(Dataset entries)
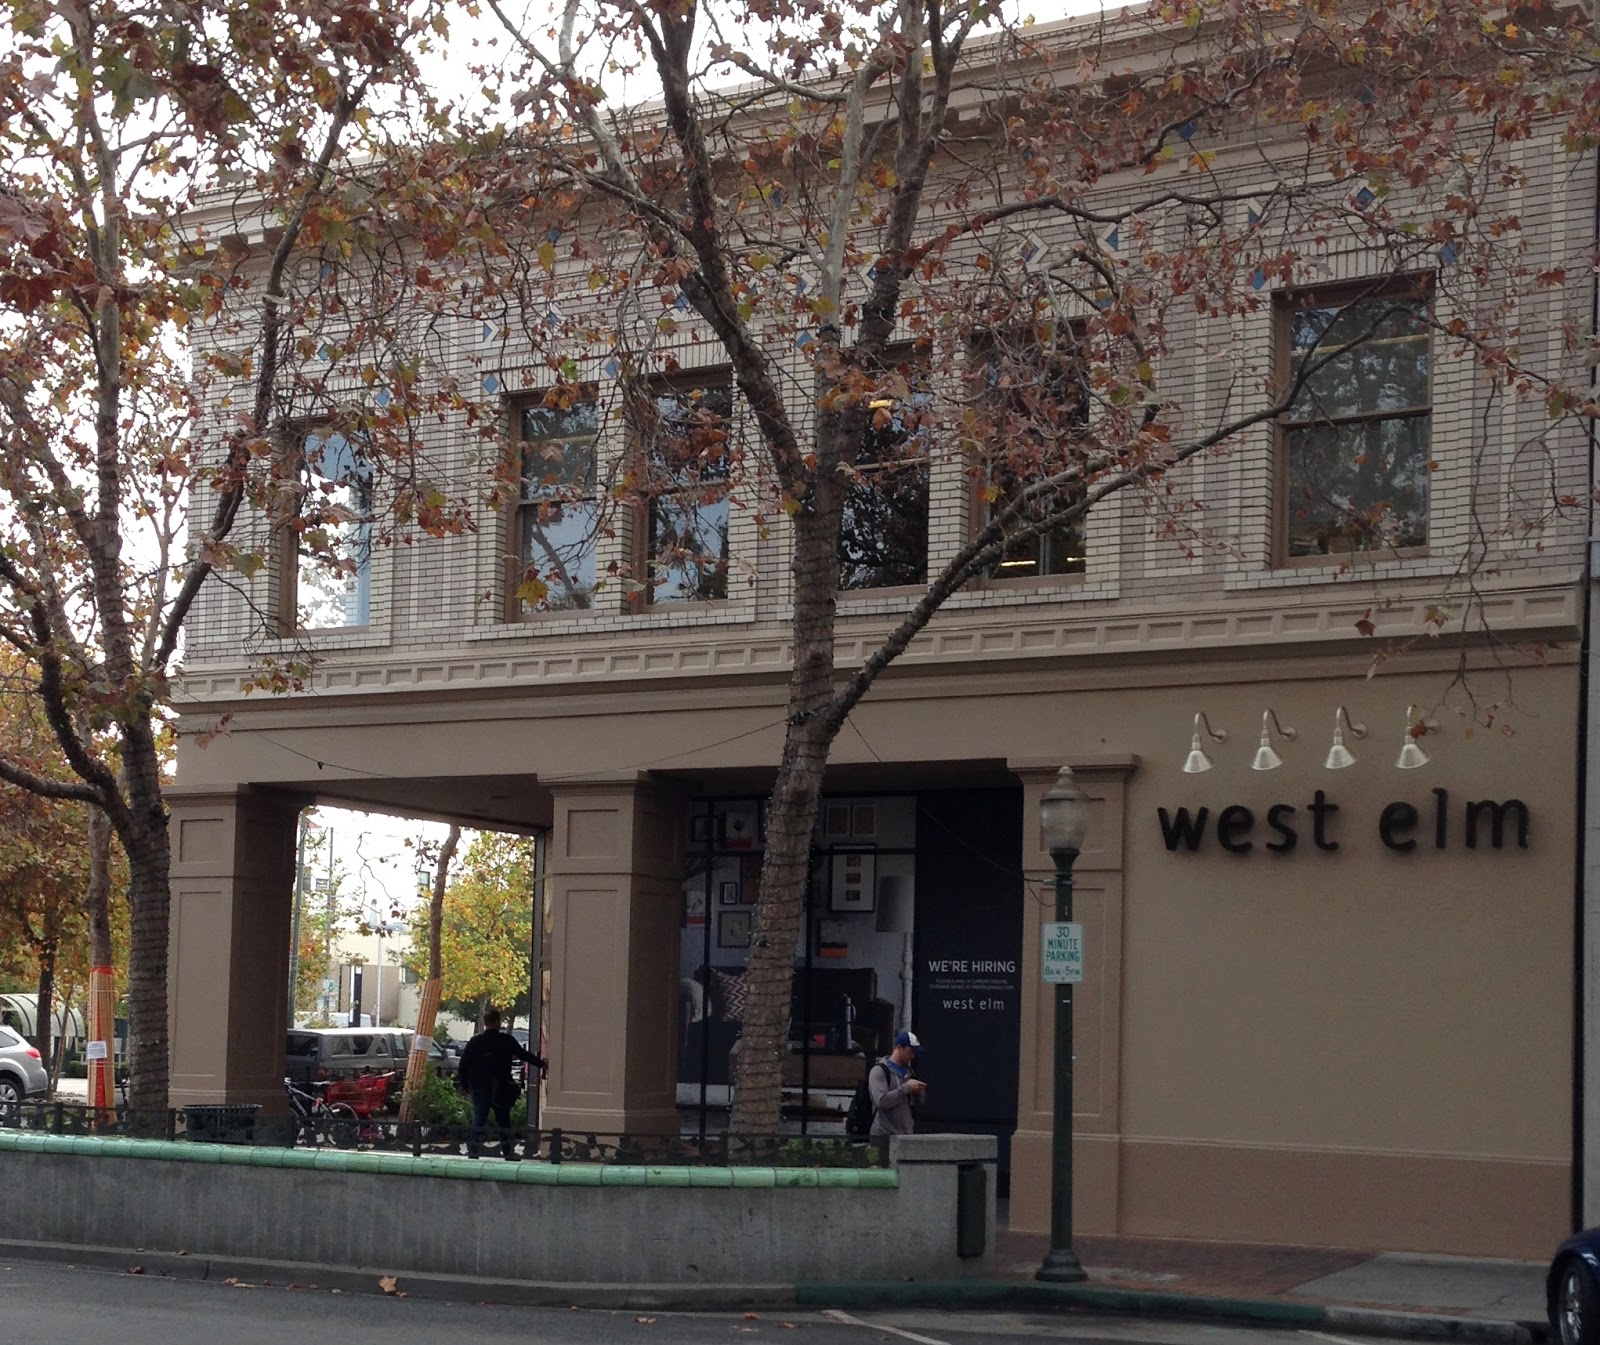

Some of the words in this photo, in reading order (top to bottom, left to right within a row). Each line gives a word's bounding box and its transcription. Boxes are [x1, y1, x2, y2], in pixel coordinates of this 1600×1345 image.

[1157, 789, 1340, 853] west
[1379, 787, 1530, 852] elm
[1056, 926, 1070, 938] 30
[1047, 939, 1079, 950] MINUTE
[1046, 951, 1080, 962] PARKING
[928, 960, 968, 972] WE'RE
[971, 961, 1016, 973] HIRING
[942, 998, 974, 1010] west
[979, 998, 1004, 1010] elm
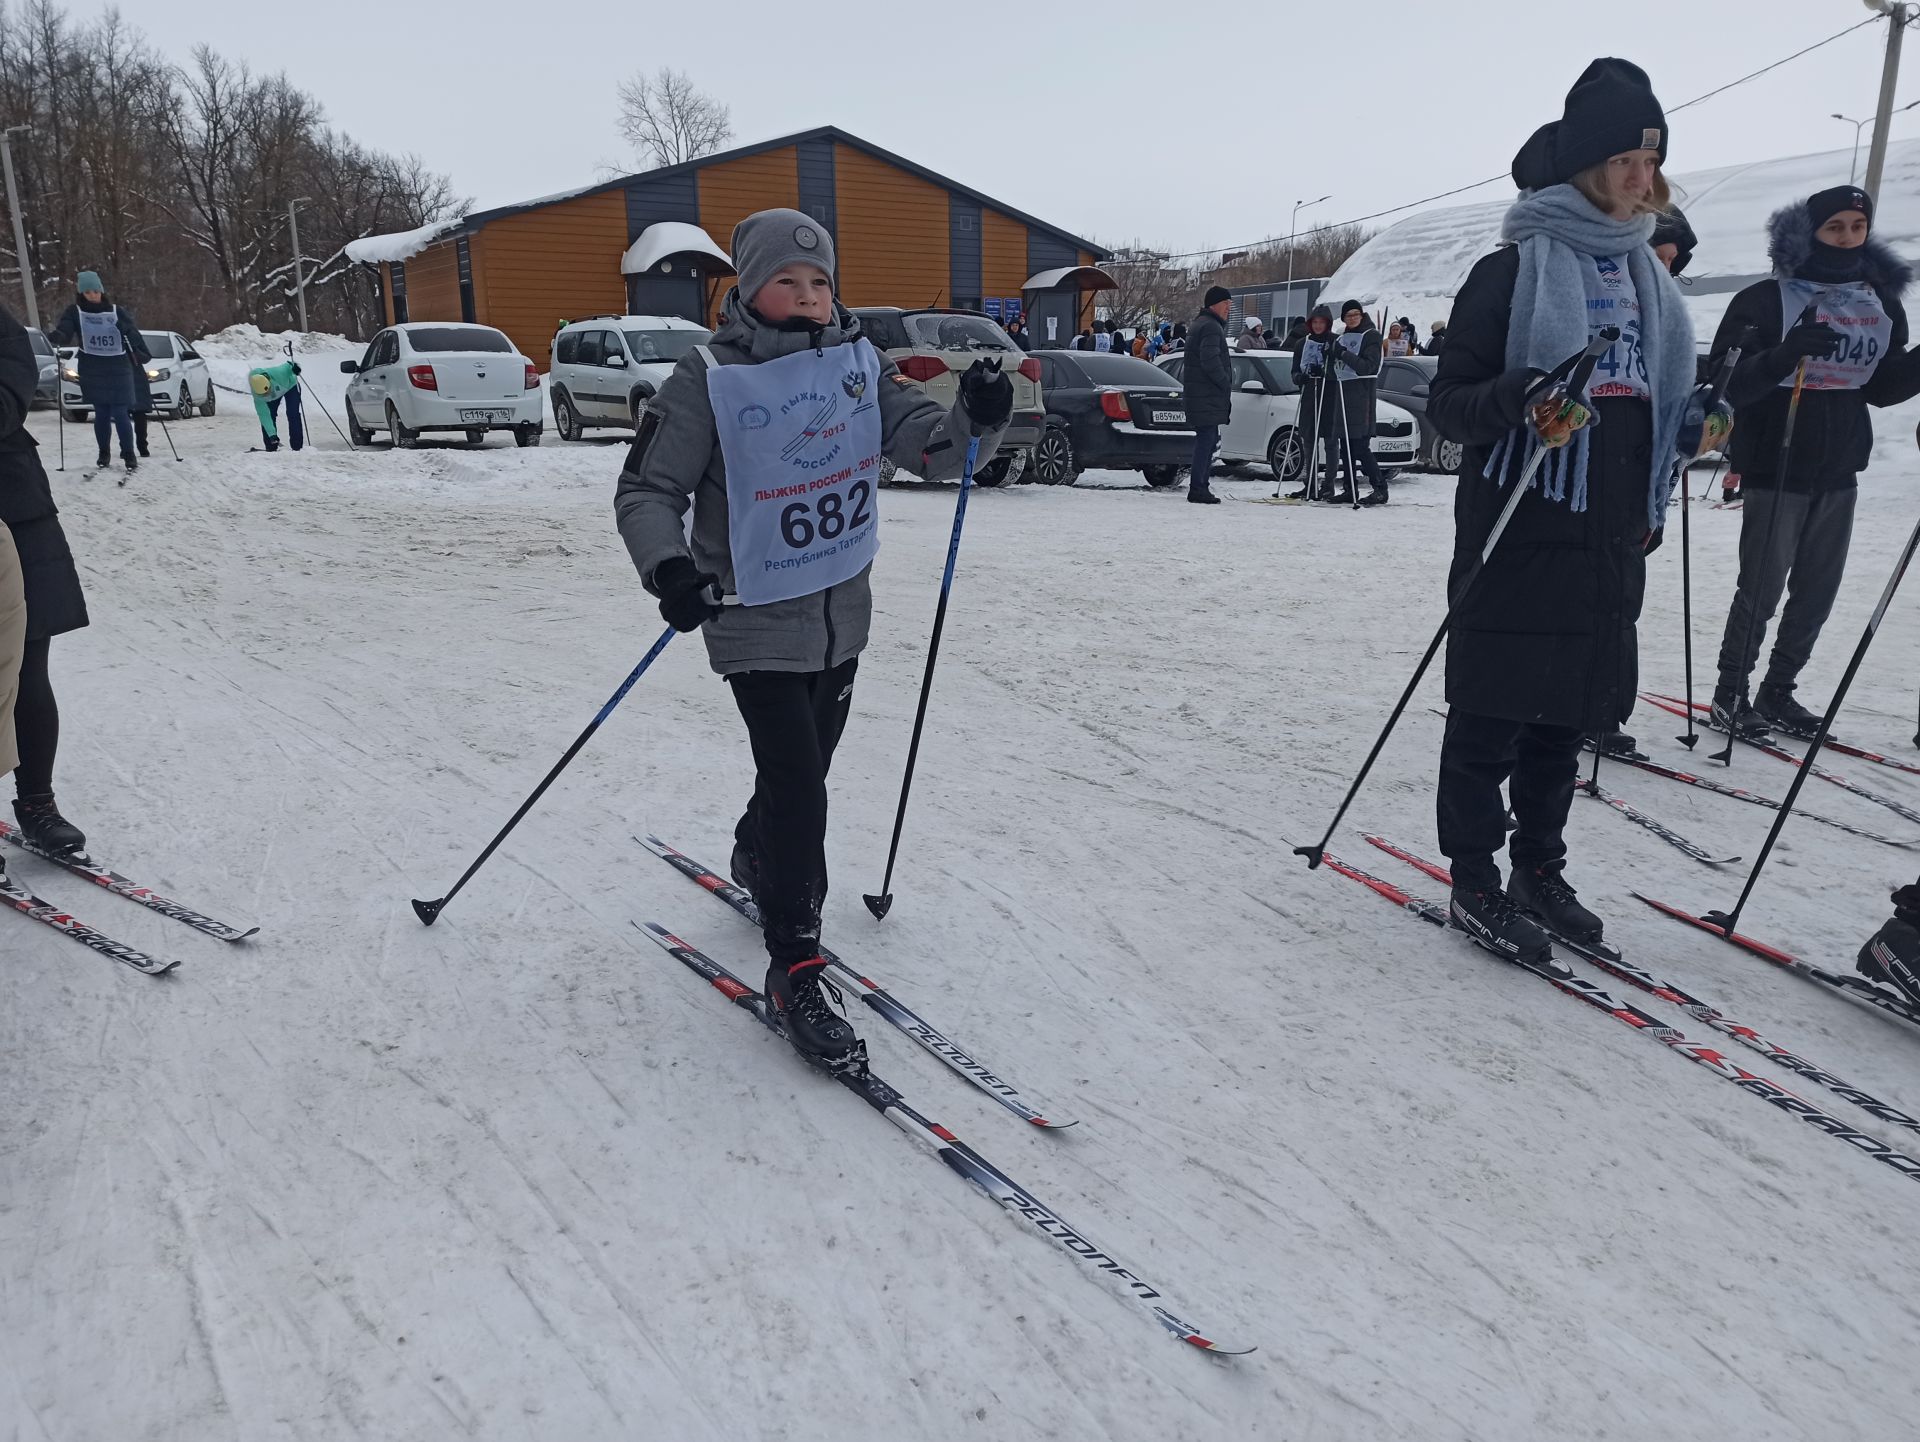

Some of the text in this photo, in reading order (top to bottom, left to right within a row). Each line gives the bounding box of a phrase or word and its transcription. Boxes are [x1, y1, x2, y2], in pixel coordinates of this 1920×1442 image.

[1586, 299, 1614, 309] ПРОМ
[90, 336, 115, 346] 4163
[780, 391, 827, 416] ЛЫЖНЯ
[822, 423, 847, 438] 2013
[793, 444, 841, 469] РОССИИ
[755, 484, 806, 501] ЛЫЖНЯ
[809, 466, 852, 491] РОССИИ
[780, 479, 870, 548] 682
[764, 546, 837, 571] Республика
[1451, 899, 1520, 954] SPINE
[681, 952, 721, 977] DELTA
[909, 1024, 1019, 1096] PELTONEN
[1002, 1192, 1161, 1299] PELTONEN
[1153, 1306, 1200, 1335] DELTA
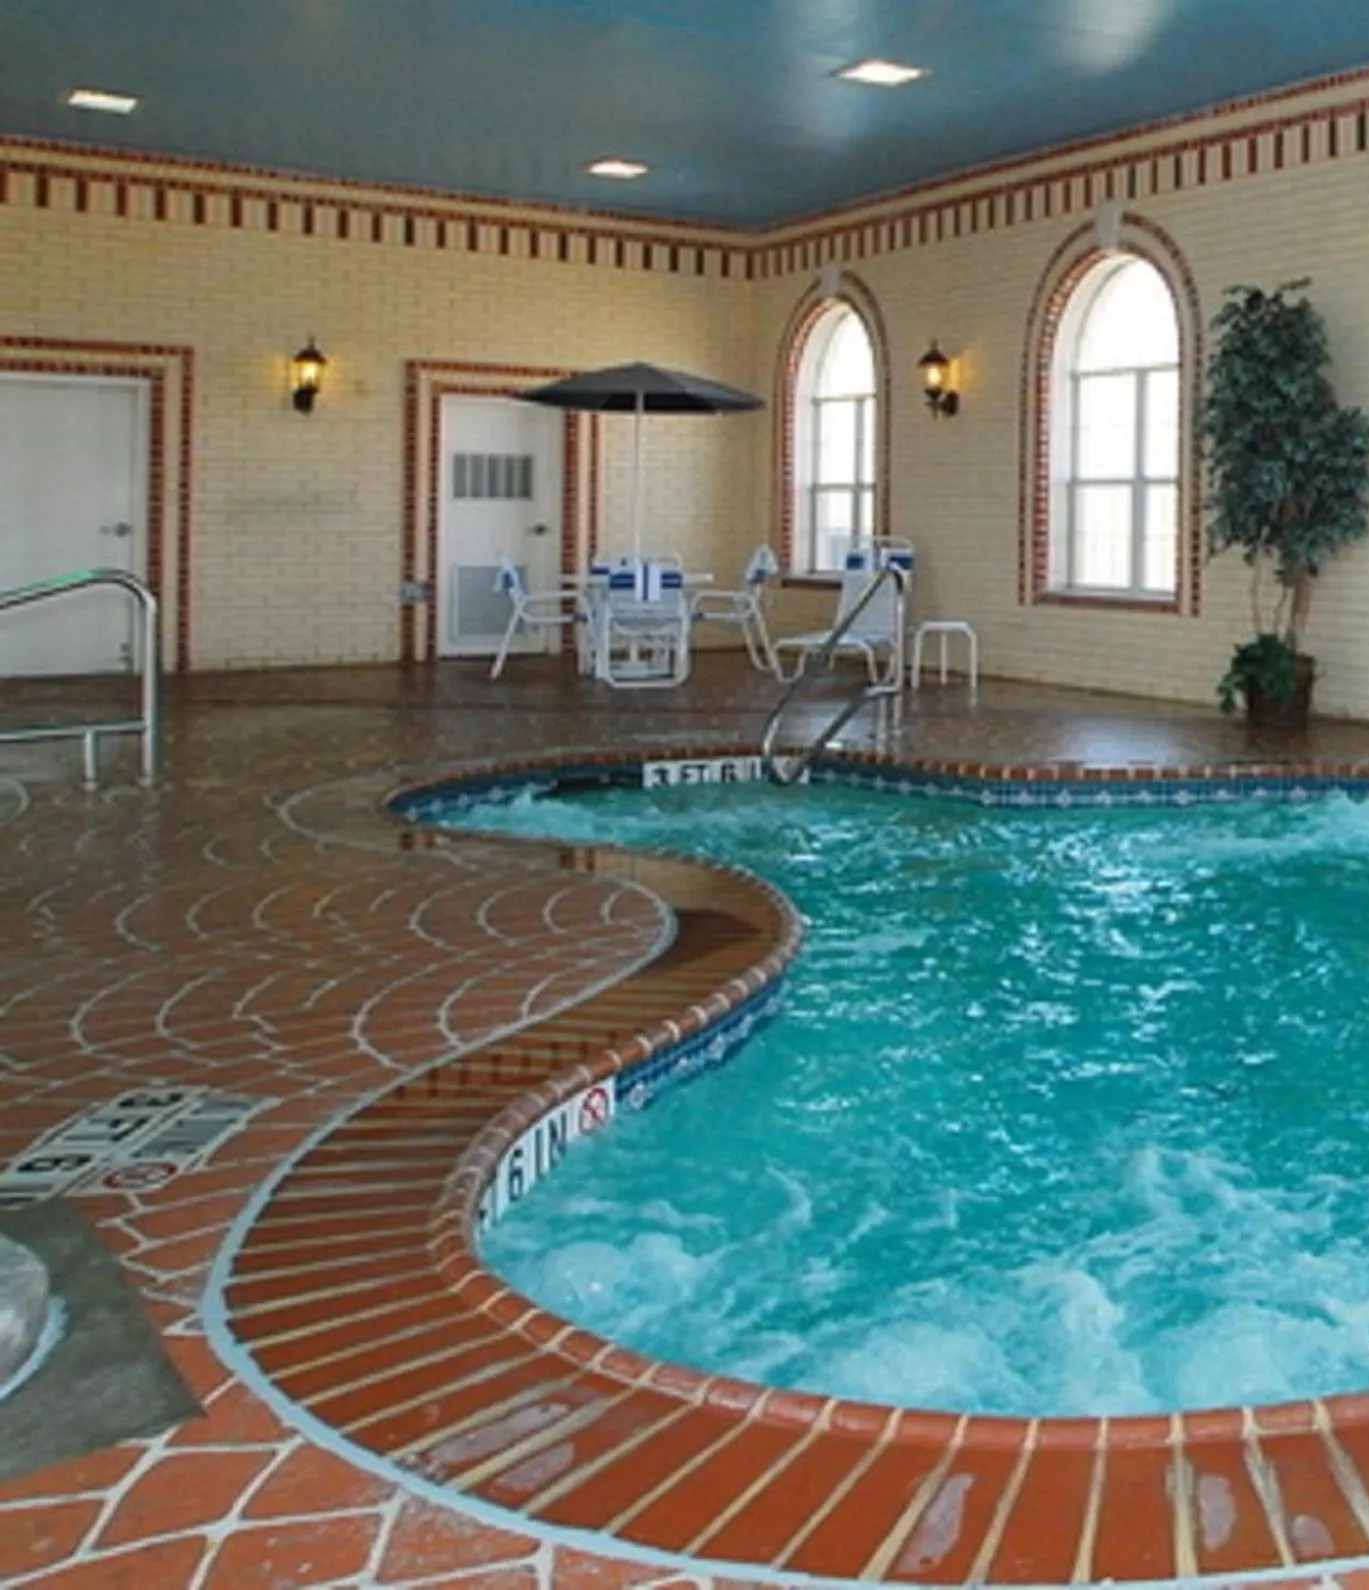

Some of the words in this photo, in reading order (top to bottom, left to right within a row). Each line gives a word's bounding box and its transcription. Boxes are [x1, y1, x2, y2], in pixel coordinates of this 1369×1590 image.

_Directions_. Exact reproduction of the entries above is required, with pictures excluded.

_Solution to this problem_.
Some of the words in this photo, in reading order (top to bottom, left to right within a row). Each line gives a word's bounding box and its transcription. Boxes are [x1, y1, x2, y2], in pixel coordinates of this 1600×1345 image.

[1157, 789, 1340, 853] west
[1379, 787, 1530, 852] elm
[1056, 926, 1070, 938] 30
[1047, 939, 1079, 950] MINUTE
[1046, 951, 1080, 962] PARKING
[928, 960, 968, 972] WE'RE
[971, 961, 1016, 973] HIRING
[942, 998, 974, 1010] west
[979, 998, 1004, 1010] elm

Some of the text in this photo, in reading order (top to bottom, left to right within a row). Each line gives the bounding box of a phrase or word and its transcription. Boxes are [x1, y1, x2, y2], in pixel coordinates of this 1920×1442 image.

[1586, 299, 1614, 309] ПРОМ
[90, 336, 115, 346] 4163
[780, 391, 827, 416] ЛЫЖНЯ
[822, 423, 847, 438] 2013
[793, 444, 841, 469] РОССИИ
[755, 484, 806, 501] ЛЫЖНЯ
[809, 466, 852, 491] РОССИИ
[780, 479, 870, 548] 682
[764, 546, 837, 571] Республика
[1451, 899, 1520, 954] SPINE
[681, 952, 721, 977] DELTA
[909, 1024, 1019, 1096] PELTONEN
[1002, 1192, 1161, 1299] PELTONEN
[1153, 1306, 1200, 1335] DELTA

Some of the words in this photo, in reading order (top to bottom, left to right within a row). Each line gives a word's bounding box and its transcription. Boxes are [x1, y1, x2, y2], in pixel coordinates of this 1369×1590 image.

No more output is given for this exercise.